◆ Description of the task: Output the full listing below exactly, without the pictures.

§

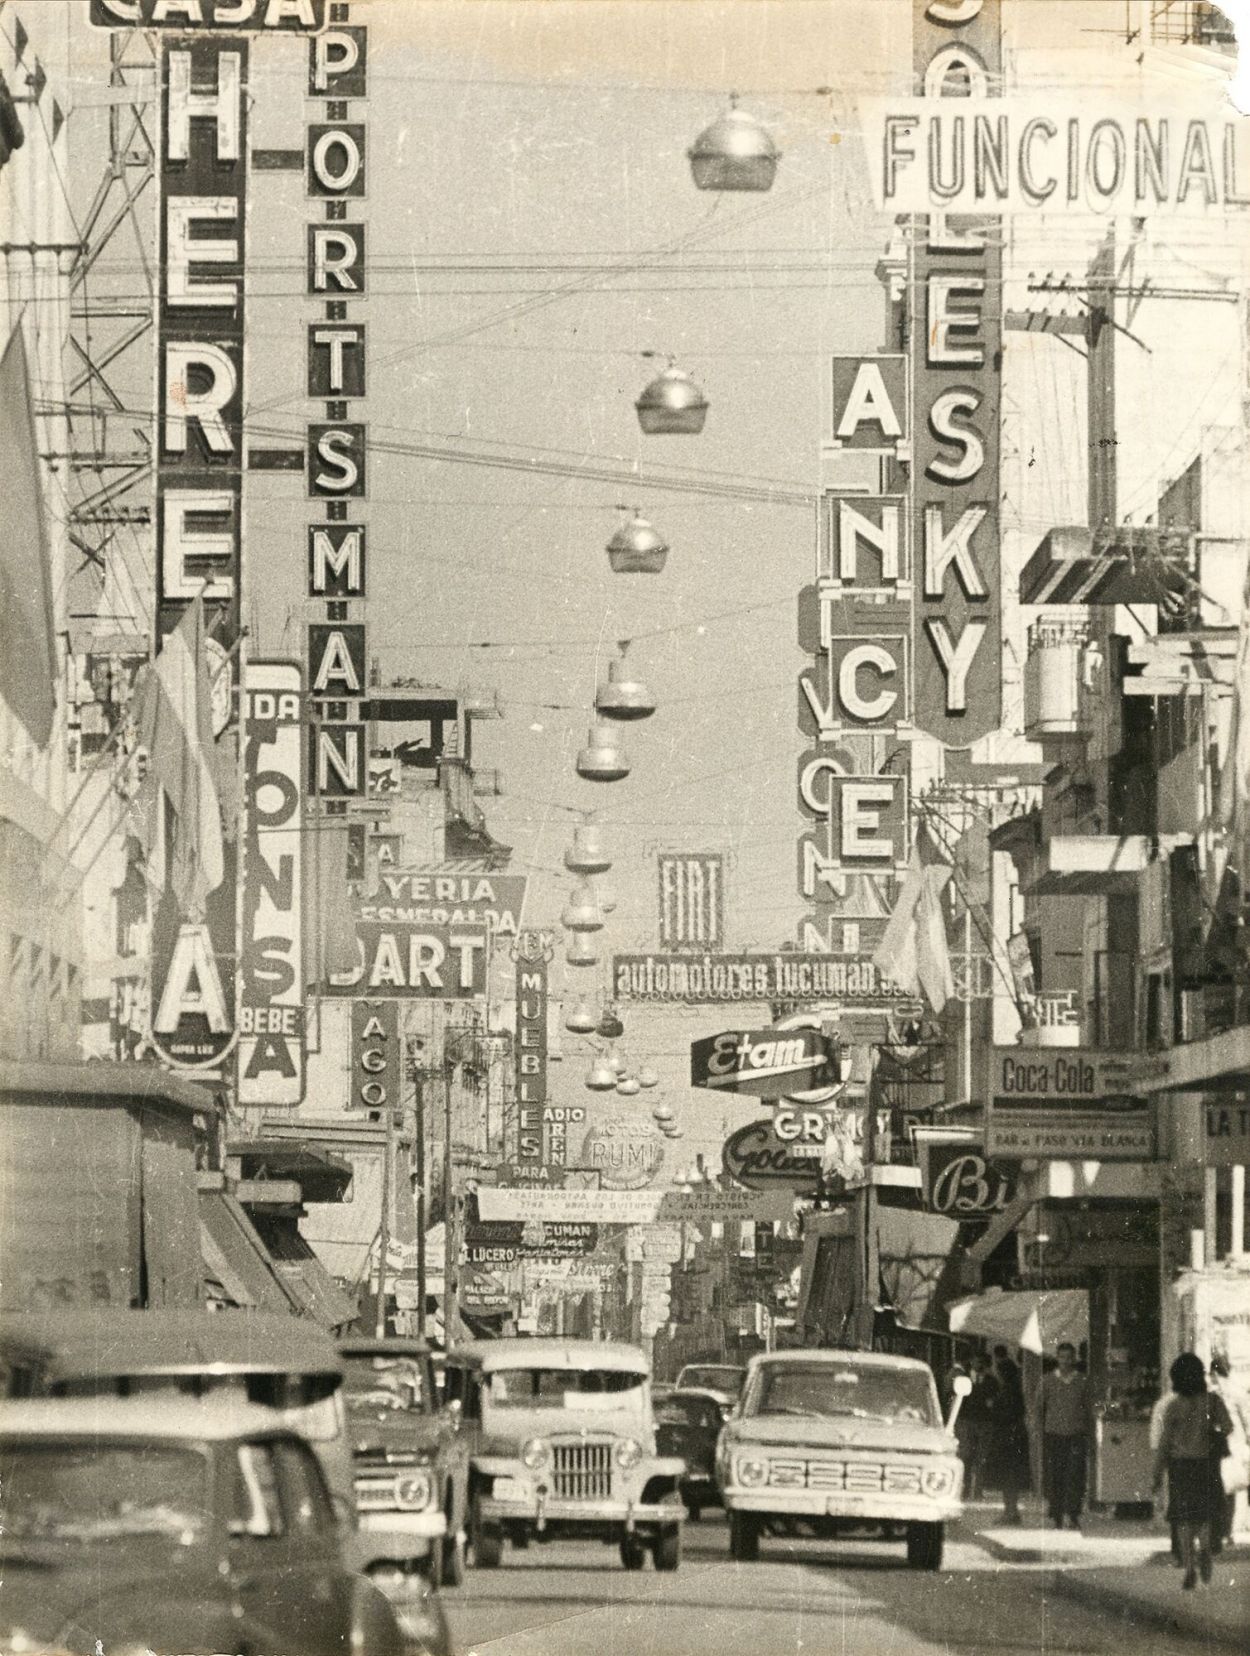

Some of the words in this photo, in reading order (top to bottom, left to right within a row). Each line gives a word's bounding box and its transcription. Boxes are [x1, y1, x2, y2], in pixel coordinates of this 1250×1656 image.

[883, 115, 1250, 205] FUNCIONAL
[662, 861, 721, 941] FIAT
[239, 1008, 297, 1034] BEBE
[520, 972, 542, 1157] MUEBLES
[707, 1033, 822, 1076] Etam
[1002, 1056, 1095, 1094] Coca-Cola
[472, 1247, 515, 1262] LUCERO

§

◆ Expected answer:
Some of the words in this photo, in reading order (top to bottom, left to right within a row). Each line gives a word's bounding box and its transcription. Boxes are [x1, y1, x2, y2], in pixel coordinates of this 1250×1656 image.

[883, 115, 1250, 205] FUNCIONAL
[662, 861, 721, 941] FIAT
[239, 1008, 297, 1034] BEBE
[520, 972, 542, 1157] MUEBLES
[707, 1033, 822, 1076] Etam
[1002, 1056, 1095, 1094] Coca-Cola
[472, 1247, 515, 1262] LUCERO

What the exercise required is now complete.